Home construction stocks are building big gains.

The ITB home construction ETF hit its highest level since January 2018 on Friday, and has soared more than 50% from its December bottom. Craig Johnson, chief market technician at Piper Jaffray, thinks there could be even more room to run for the group.

“One of the trends that most are honing in on is that interest rates around the world still continue to trend lower,” Johnson said on CNBC’s “Trading Nation” on Friday. “Despite the recent push up in the last couple days, you are seeing that trend continuing. … Lower interest rates should be a positive for the homebuilders, and that’s exactly what you’ve been seeing happening this year.”

Johnson points out that the ITB chart is signaling a pattern that could mean the group could be building up to even higher levels.
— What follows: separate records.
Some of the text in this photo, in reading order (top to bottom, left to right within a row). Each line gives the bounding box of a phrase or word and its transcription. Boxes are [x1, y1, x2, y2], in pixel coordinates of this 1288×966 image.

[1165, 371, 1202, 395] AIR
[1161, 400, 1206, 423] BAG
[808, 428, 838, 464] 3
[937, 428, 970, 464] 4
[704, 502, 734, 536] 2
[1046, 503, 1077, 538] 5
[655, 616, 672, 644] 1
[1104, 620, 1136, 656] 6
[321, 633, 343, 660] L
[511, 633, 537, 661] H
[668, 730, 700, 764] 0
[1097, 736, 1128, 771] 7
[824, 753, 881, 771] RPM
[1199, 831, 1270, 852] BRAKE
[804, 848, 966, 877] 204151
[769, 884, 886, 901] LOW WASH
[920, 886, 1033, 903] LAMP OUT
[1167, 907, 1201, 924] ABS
“You’ve made what looks like to us … an inverted head and shoulders bottom. We’re kind of breaking above that neck line. Next resistance is around $46,” said Johnson. It closed Friday at $43.23

An inverted head and shoulders pattern forms when a stock or ETF makes a lower low, an even lower low, and then a higher low. It typically indicates a downward trend is reversing.
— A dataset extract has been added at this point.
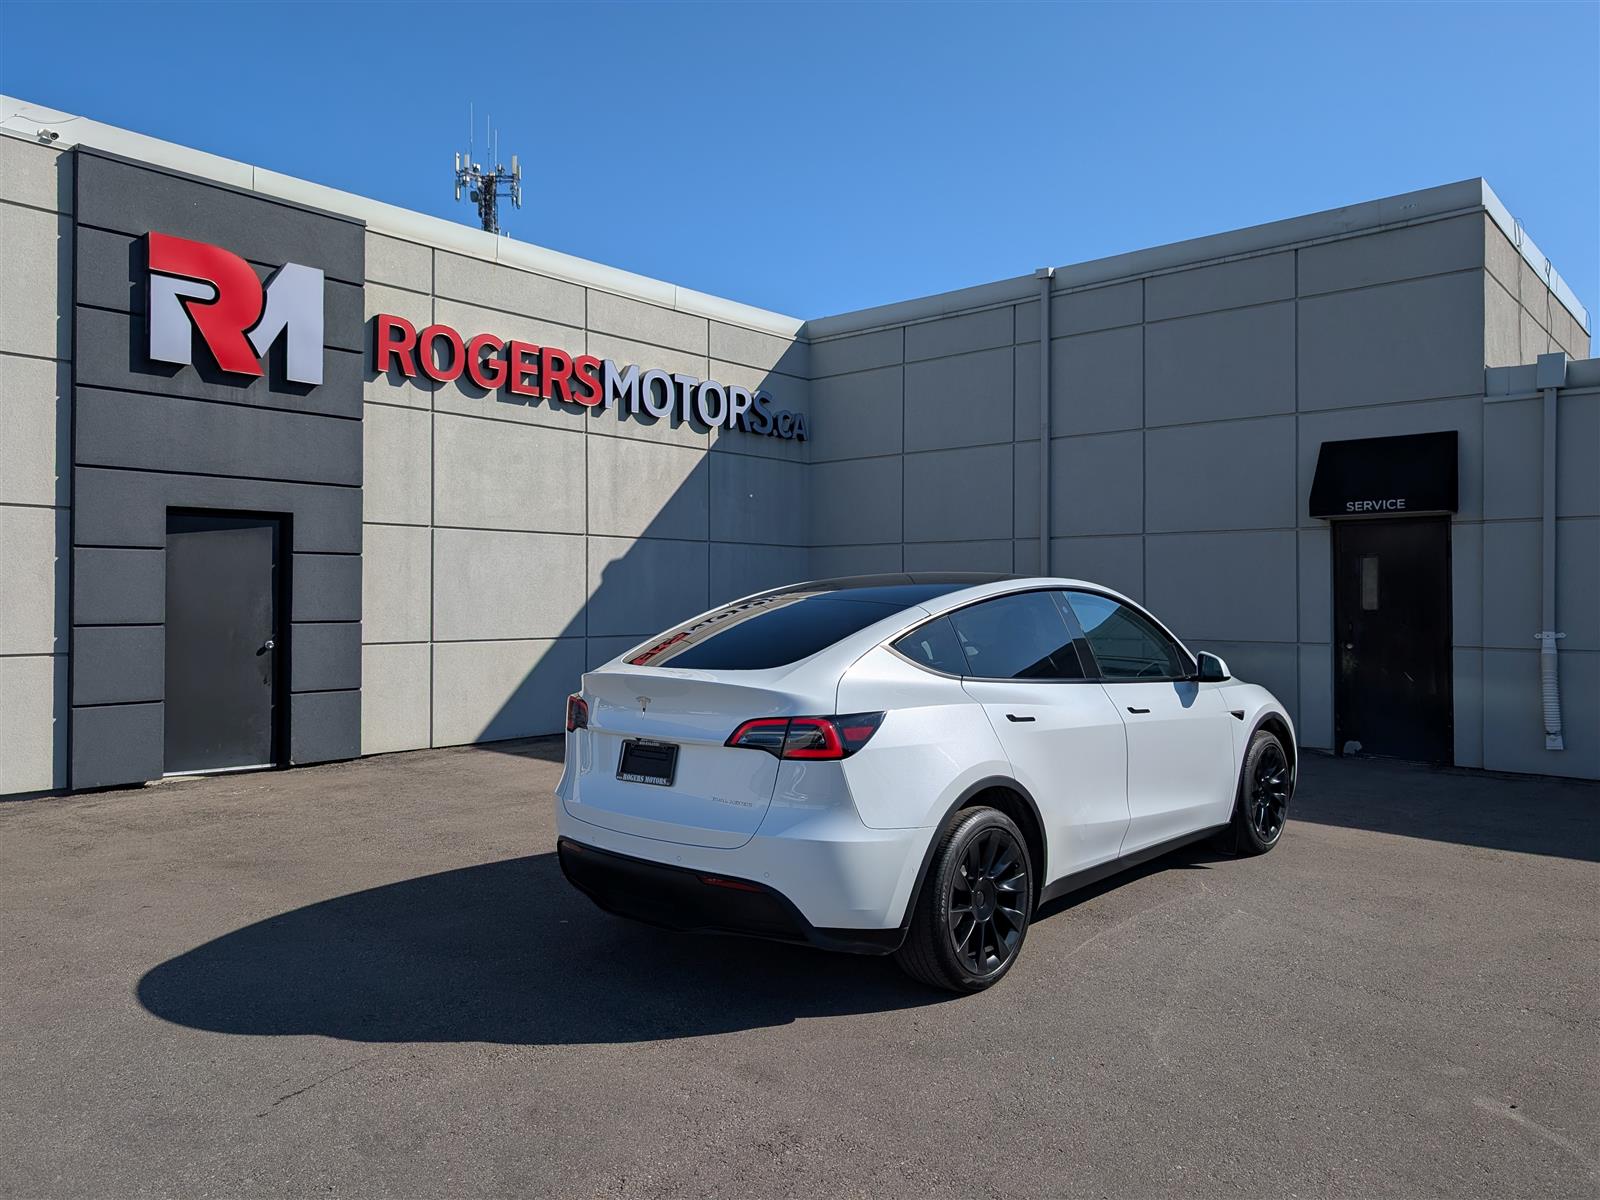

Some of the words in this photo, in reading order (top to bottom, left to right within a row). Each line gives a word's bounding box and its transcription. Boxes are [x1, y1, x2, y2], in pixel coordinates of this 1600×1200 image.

[149, 231, 325, 386] RM
[1346, 499, 1406, 512] SERVICE
[623, 773, 644, 783] ROGERS
[644, 776, 667, 785] MOTORS
Johnson says a few stocks like Lennar, D.R. Horton and NVR have been hitting the nail on the head.

“[These stocks] represent about 40% of the overall index. … We like a lot of those charts. Lennar still looks very good, Horton still looks very good from our perspective,” said Johnson.

Chad Morganlander, portfolio manager at Washington Crossing Advisors, says that although interest rates have been going lower and causing excitement in the group, he wouldn’t be breaking ground in these names just yet.

“When you look at the fundamentals of mortgage credit growth, and you look at the Federal Reserve’s data on it, it’s only growing at 2-3%, and you could see this and track this with new homes sales, that are up about 1.3 million per month. So, it’s listless at best,” Morganlander said in the same segment.

Morganlander says he would also avoid the group based on a valuation perspective. He suggests a different sector he believes is underappreciated.

“When you look at and include debt from their balance sheet and add it to market cap, this group is not undervalued. If you want an industrial, or you want more of a cyclical torque on the overall system, I would look at the industrial sector which we believe is deeply undervalued at this point in time,” he said.